10/21/2002
I am looking for some information/data on customer acquisition/retention for all banking customers. Does anyone know of any good market research firms specializing in financial services and the customer satisfaction in that sector? The data I am looking for is: 1. What are the things that attract customers to a bank? 2. What are the primary drivers of satisfaction when they are a customer? 3. What are the main reasons they would leave/switch?
06/03/2002
Where is a good place to get ideas for bank advertising. Also, I am looking for quidance and a form to plan out our marketing budget and plan for marketing for the rest of this year.
02/11/2002
What steps should we take to sell products produced by others?
02/04/2002
What steps should I take when creating a new logo for our bank?
02/04/2002
I've been charged with refocusing our bank's marketing budget with an eye on accountabilty for increasing our overall profitablity. What types of metrics have other bank marketers used to help CEO's understand the value of each marketing campaign?
11/05/2001
Other business costs are falling while marketing costs are rising.
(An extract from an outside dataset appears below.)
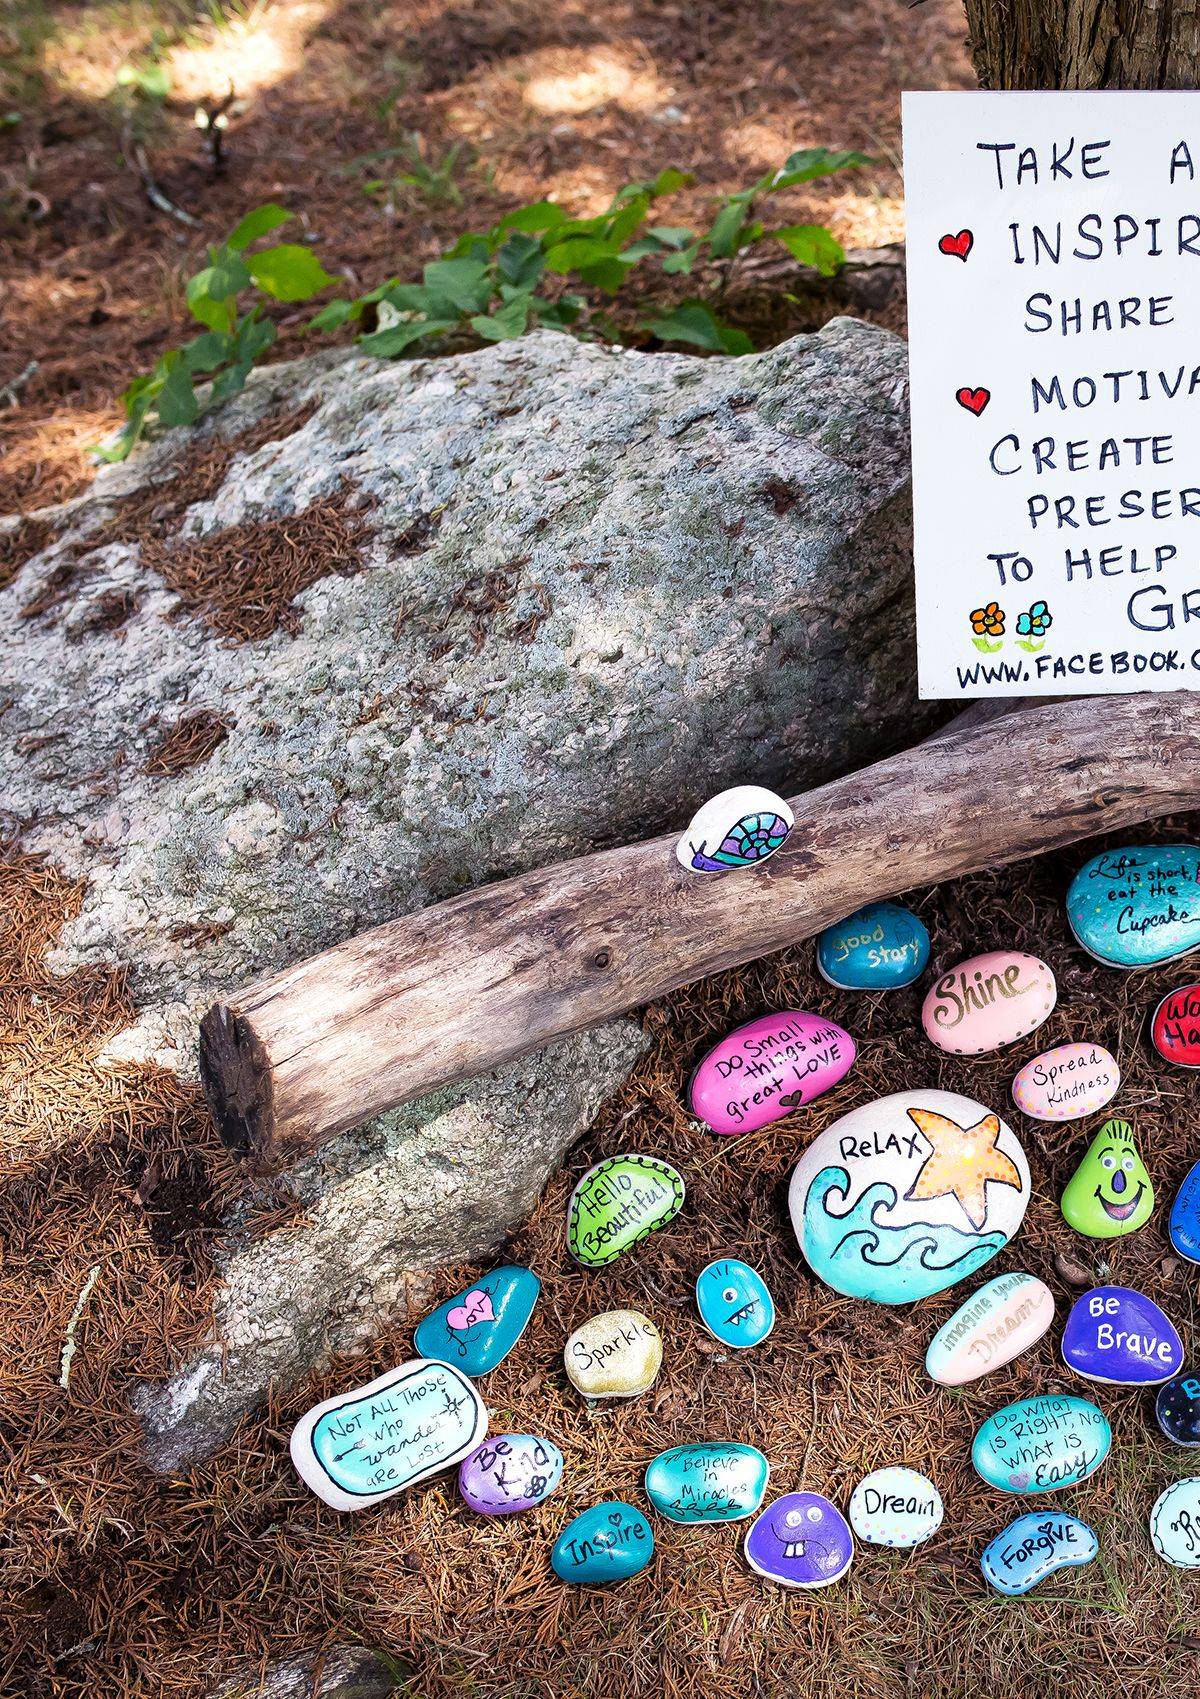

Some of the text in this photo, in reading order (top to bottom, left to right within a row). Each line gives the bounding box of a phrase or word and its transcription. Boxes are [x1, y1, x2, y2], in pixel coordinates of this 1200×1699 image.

Yet, response rates to many traditional marketing and sales techniques are off. There is growing impatience with a function of business that is costing more, delivering less and resists accountability. In addition,baby boomer and older consumers (37+) are the wealthiest, best educated and most sophisticated of purchasers and marketing and sales communications are not creating motivating communications, effective sales presentations and service improvement programs to better capture and keep these consumers. A Coopers and Lybrand study found in a study of 100 leading companies that marketing departments tend to be "ill-focused and over-indulged" with department heads who "overstated their contribution to the company, but could not specify what the nature of the contribution was." A 1995 McKinsey report somberly warned, "Doubts are surfacing about the very basis of contemporary marketing." The report charged marketing departments with generating "few new ideas," being "unimaginative," and failing to "pick up the right signals." Finally, Kevin Clancy and Robert Shulman, both formerly with consumer researcher Yankelovich Clancy Shulman predict a marketing revolution "because failure is self-evident and everybody -- stockholders, directors, CEOs, customers, the government -- is angry because marketing, which should be driving business, doesn't work."Now that the adult median age is in the mid-40s and continuing to rise, pressure is building on bank marketing and sales to learn how to better market to a dominantly older consumer population. Though we don't notice it happening -- any more than a child notices that he has grown an inch taller during the summer -- changes take place across our full life span in how information is processed by our brains (which process information sent to it by the five senses) and the mind (where thinking takes place). How a 30-year-old mind processes the contents of a commercial, print ad or direct mail piece will be markedly different from how a 50- or 60-year-old mind processes the same information. Is there literature or other information available to help bank marketers communicate more effectively with the 37+ markets?